214 F.2d 891
102 U.S.P.Q. 227
HUMBLE OIL & REFINING CO.
United States Court of Appeals Fifth Circuit.
July 21, 1954.
Homer T. Bouldin, Houston, Tex., William E. Kinnear, Beaumont, Tex., for appellant.
Nelson Jones, Houston, Tex., B. D. Orgain, Beaumont, Tex., Melvin F. Fincke, Walter B. Morgan, Garrett R. Tucker, Jr., Frank B. Pugsley, Houston, Tex., for appellee. Orgain, Bell & Tucker, Beaumont, Tex., Baker, Botts, Andrews & Shepherd, Rex G. Baker, Houston, Tex., of counsel.
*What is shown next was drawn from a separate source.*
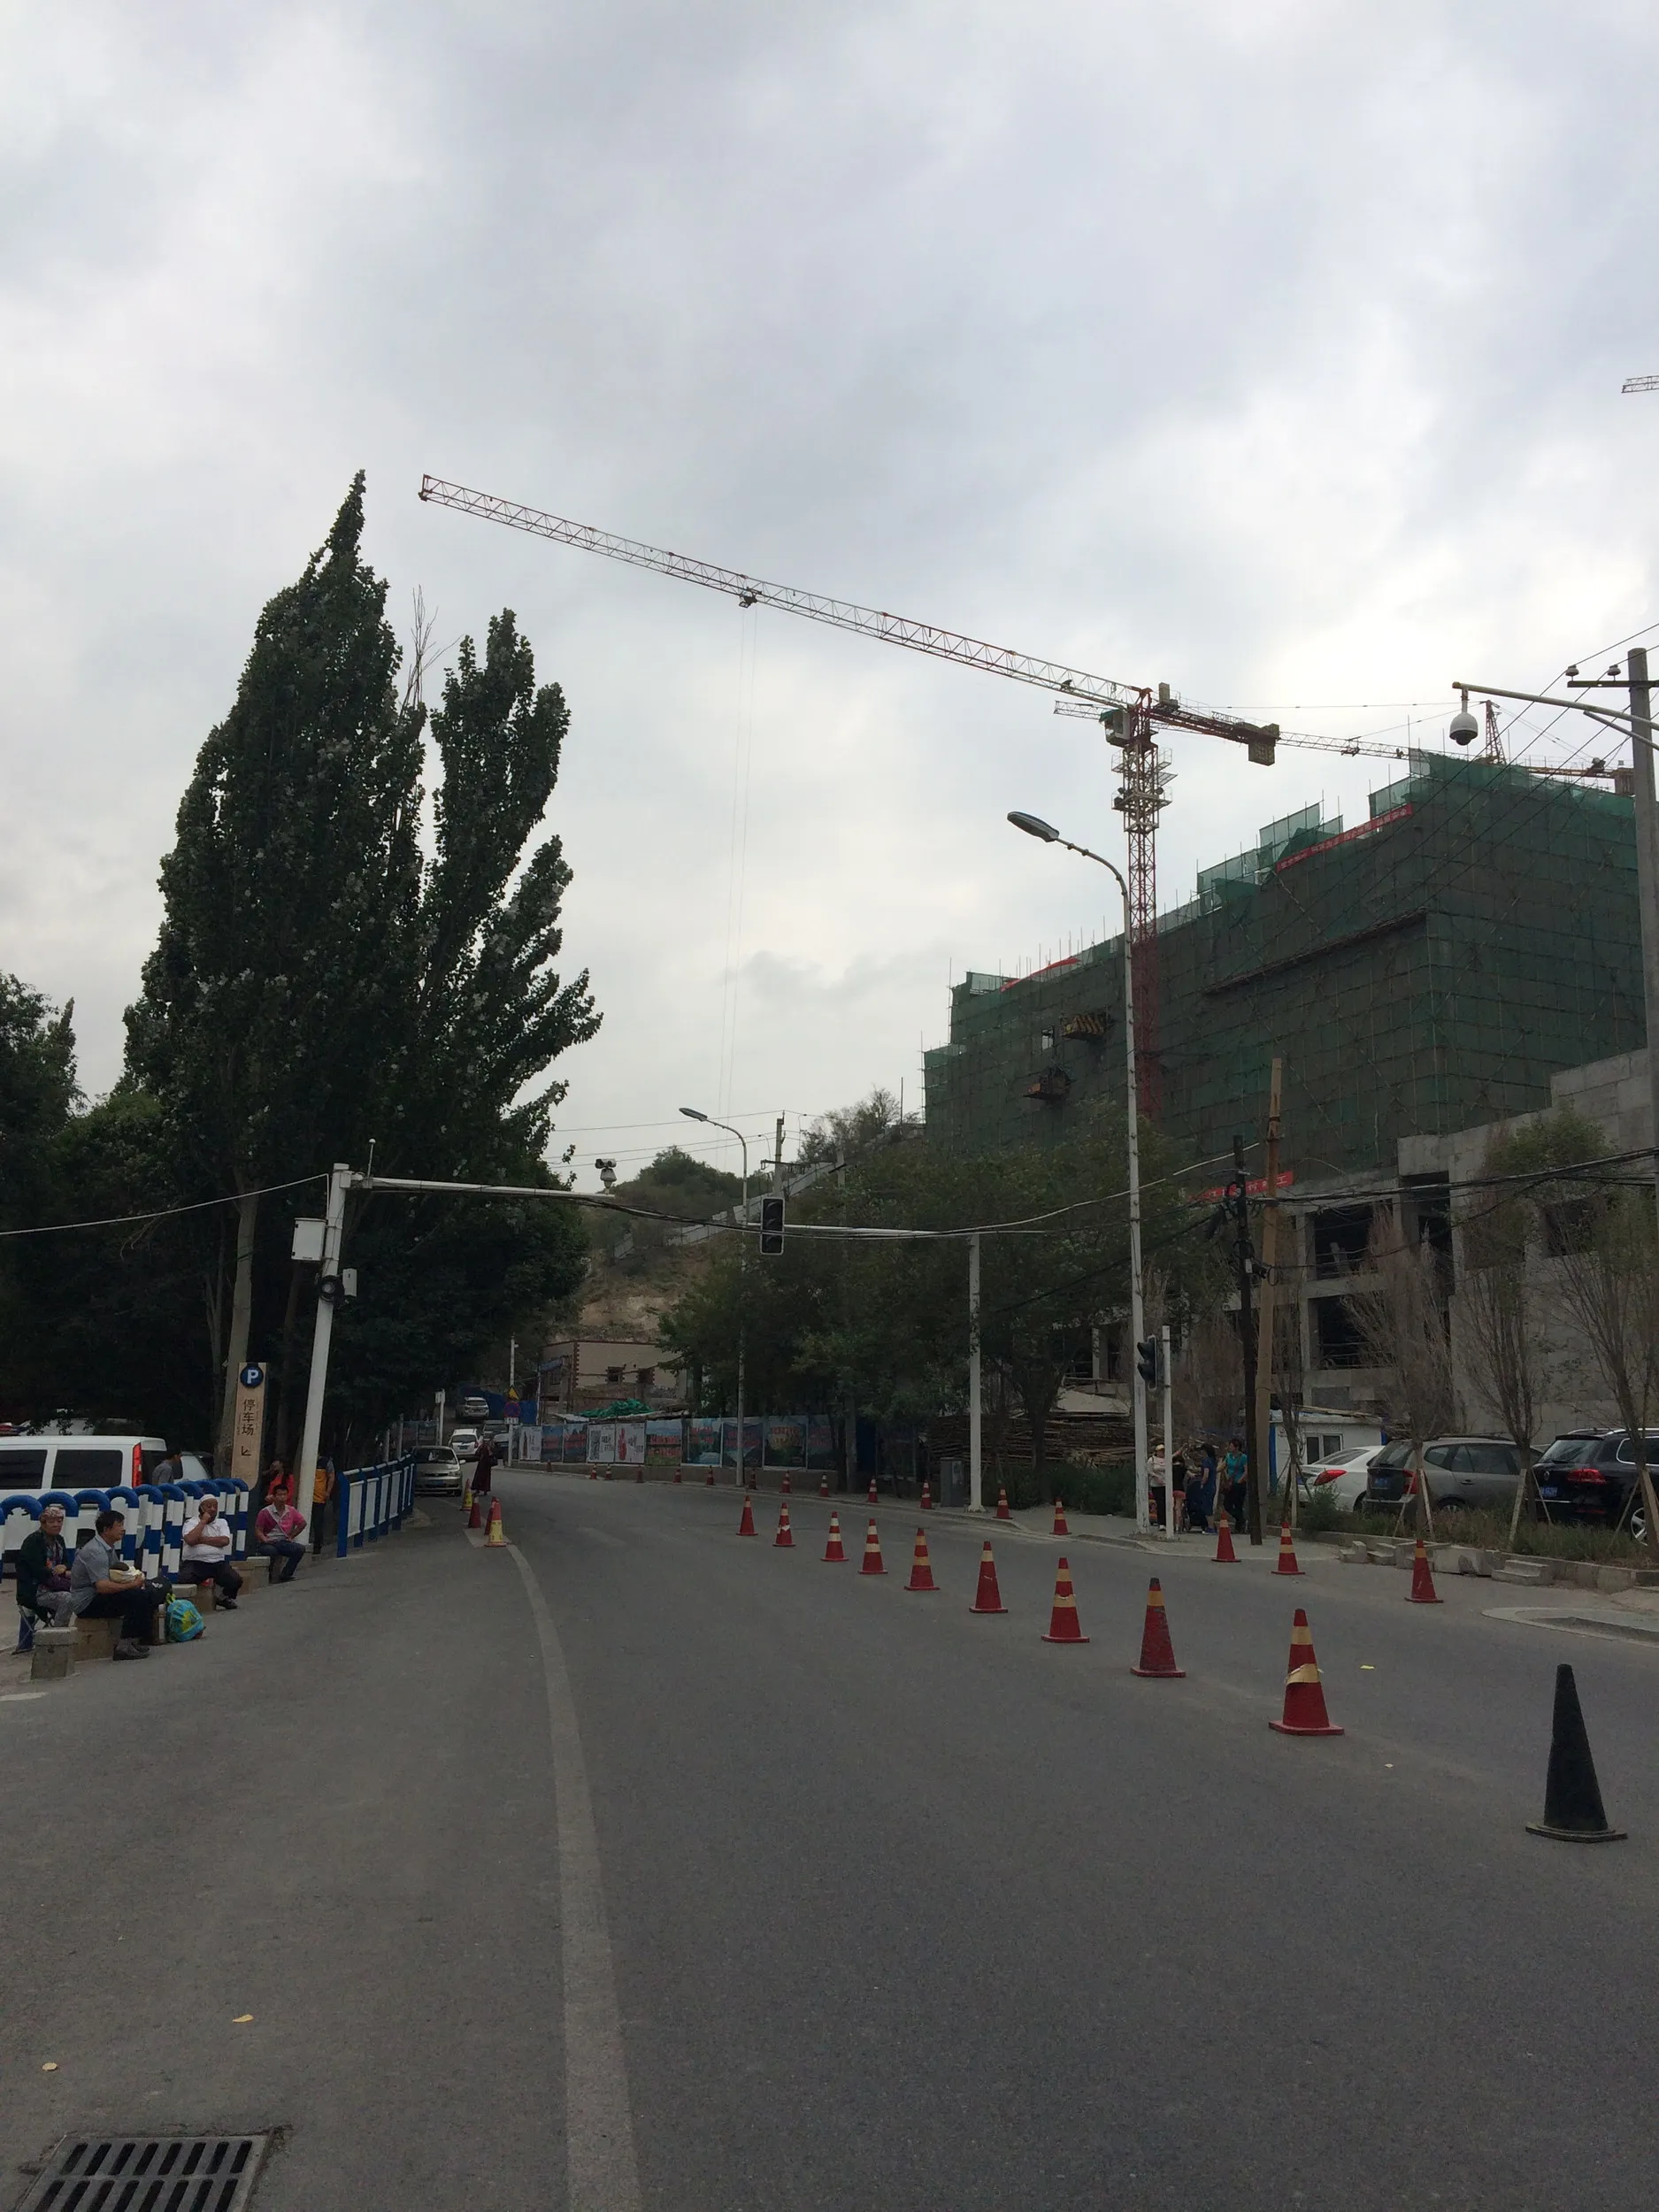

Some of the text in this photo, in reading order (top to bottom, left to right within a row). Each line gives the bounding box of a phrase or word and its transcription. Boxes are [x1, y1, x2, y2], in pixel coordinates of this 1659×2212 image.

[247, 1369, 258, 1384] P
[241, 1398, 256, 1436] 停车场
Before HUTCHESON, Chief Judge, RIVES, Circuit Judge, and DAWKINS, District Judge.
RIVES, Circuit Judge.
The complaint was based upon five separate claims: (1) infringement of patents, (2) violation of a confidential relationship, (3) unjust enrichment, (4) unfair competition, (5) for the recovery of threefold damages1 for violation of Section 2 of the Sherman Act.2 Upon this appeal we are concerned only with the last claim, the one for violation of the antitrust or monopoly laws. That claim was presented by paragraph 12 of the complaint.3 The district court sustained the defendant's motion to strike said paragraph 12, and, pursuant to Rule 54(b), Federal Rules of Civil Procedure,4 the court determined 'that since Paragraph 12 presents a claim for relief separate and apart from the other claims presented in plaintiff's complaint, there is no just reason for delay in having a final decision made as to whether the allegations in said Paragraph 12 state a claim for treble damages under Section 15, Title 15, U.S.C.A.', and directed the entry of a final judgment from which this appeal is prosecuted.
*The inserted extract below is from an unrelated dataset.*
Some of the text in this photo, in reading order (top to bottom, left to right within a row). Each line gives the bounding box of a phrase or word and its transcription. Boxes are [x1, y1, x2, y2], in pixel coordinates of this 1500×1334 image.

If the evidence sustains the plaintiff's5 averments on its first four claims, the plaintiff can recover all of the actual damages to which it is entitled. In its claim for treble damages in paragraph 12, the plaintiff seeks a windfall on account of an alleged violation of the antitrust laws. The main purpose of those laws was to protect the public from monopolies and restraint of trade, and the private right of action for treble damages was incidental and subordinate to that main purpose. Glenn Coal Co. v. Dickinson Fuel Co., 4 Cir., 72 F.2d 885, 889. The grant of a claim for treble damages to persons injured was for the purpose of multiplying the agencies which would help enforce the antitrust laws and therefore make them more effective. Maltz v. Sax, 7 Cir., 134 F.2d 2, 4. The very foundation of the right of a private suitor to recover 'threefold the damages by him sustained, and the cost of suit, including a reasonable attorney's fee' is the violation of public rights prohibited by the Act and, indeed, made criminal offenses. 15 U.S.C.A. §§ 1, 2 (see footnote 2, supra).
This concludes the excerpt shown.